In the past, we have supported them in new manufacturing countries such as Cambodia, Vietnam, Bangladesh and Turkey. We have the capacity to follow any manufacturing relocation. We are working on various scenarios to accompany them. Thirdly, this may also provide an opportunity for us as our services will become even more important to ensure that quality of products is maintained. Lastly, as the demand for tick services for the Chinese domestic market is increasing, we are well positioned to seize this opportunity.
We have taken some measures to accelerate our development in the Chinese domestic market and outside of the U. S, in Southeast Asia and in Europe notably, but also in Africa eventually. Moving now to the outlook and to conclude Page 23. So to conclude, for full year 2018, we confirm our outlook. We expect an acceleration in organic gross revenue compared to full year 2017, a slightly improved adjusted operating margin at constant currency and improved cash flow generation at constant currency.

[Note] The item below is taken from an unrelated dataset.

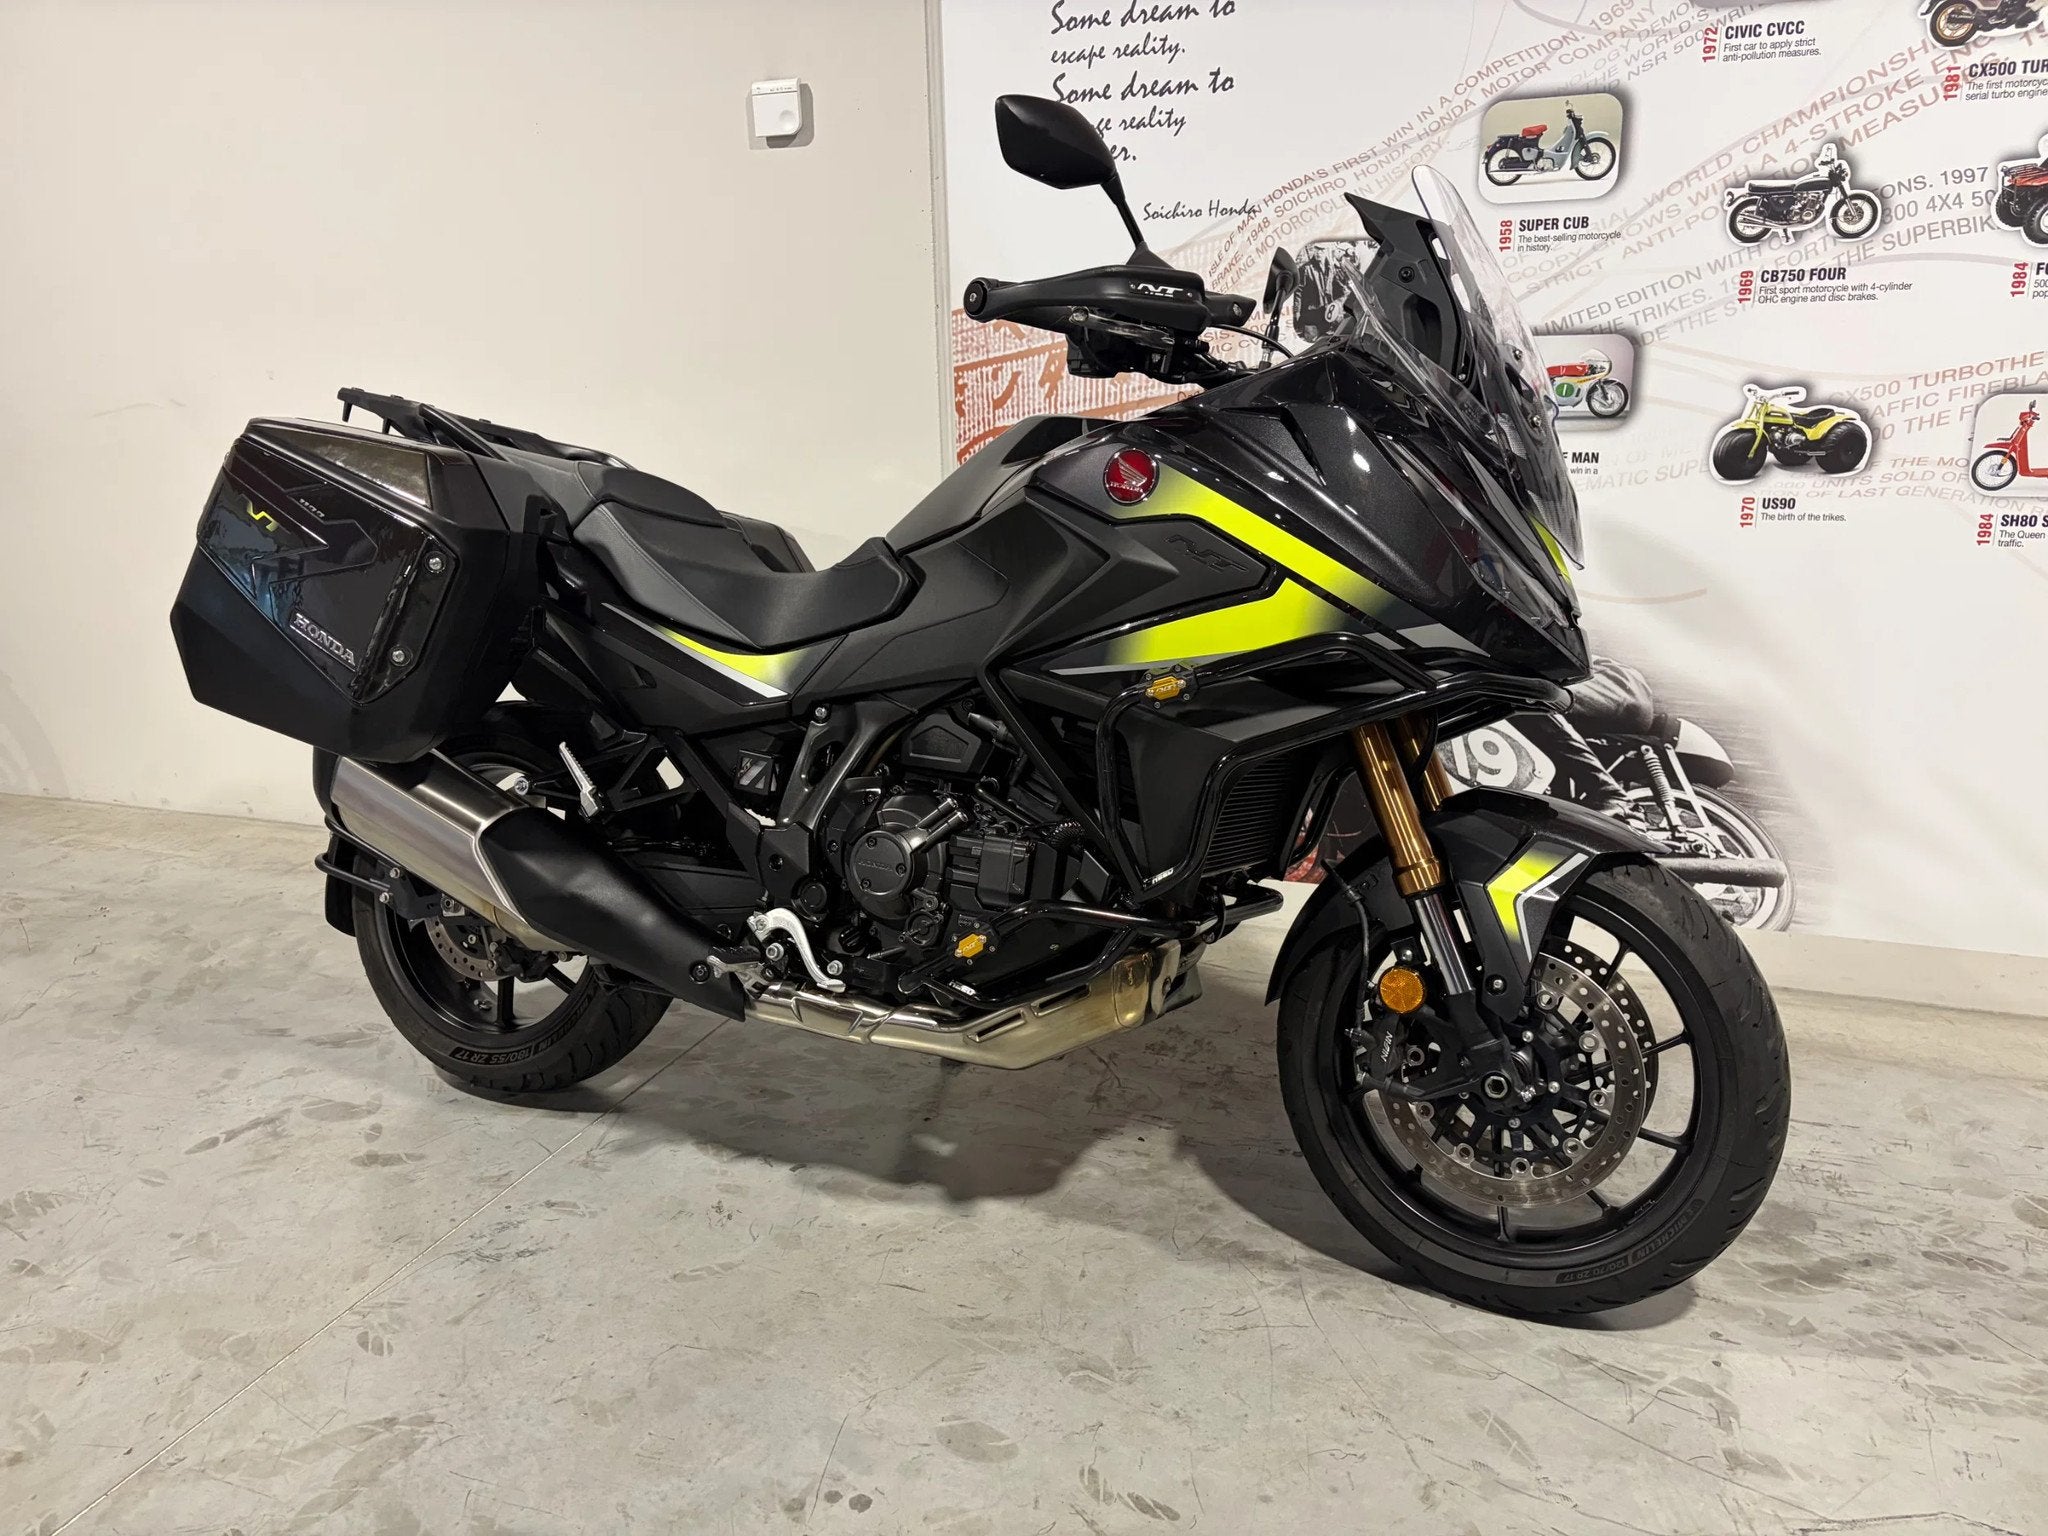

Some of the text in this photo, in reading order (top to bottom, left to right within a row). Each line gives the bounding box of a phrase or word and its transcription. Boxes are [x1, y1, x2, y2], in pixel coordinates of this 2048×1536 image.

Thank you for your attention. This concludes our presentation. Francois and I will now answer any questions you may have.
Thank you. We will now begin the question and answer session. Your first question comes from the line of Edward Stanley. Please ask your question.
Hi, evening, guys. I've got 3, please. I guess we've got to ask on the trade war. Do you have any feeling for quite how much of a drag it has been in Q3? And I'm just trying to gauge if 95% is currently outside the scope and it was an 80 bp drag or a 50 bp drag in Q3.
I'm just trying to think how that might play into next year. Secondly, on the marine ramp up and the new business you're winning there, is that a favorable mix, I. E, is that tending to be higher margin newbuild ship construction? And thirdly, on a question for Francois, I'm interested to hear what's top of your priority list for 2019 to get done first. Thanks.
Okay. Thank you, Edouard, for your questions. Let's start with your first question on the drag of the Q3. It's very, very, very small, close to new in fact. The only drag we have for the moment is some postponements from some clients, which are just thinking about what could be their future supply chain.
But they are moving progressively back. So for the month, the impact is extremely small, extremely small. For the marine ramp up, maybe Philippe you would like to answer the question. Philippe Dangeuet is with us. He's inside of the Marine and Offshore business.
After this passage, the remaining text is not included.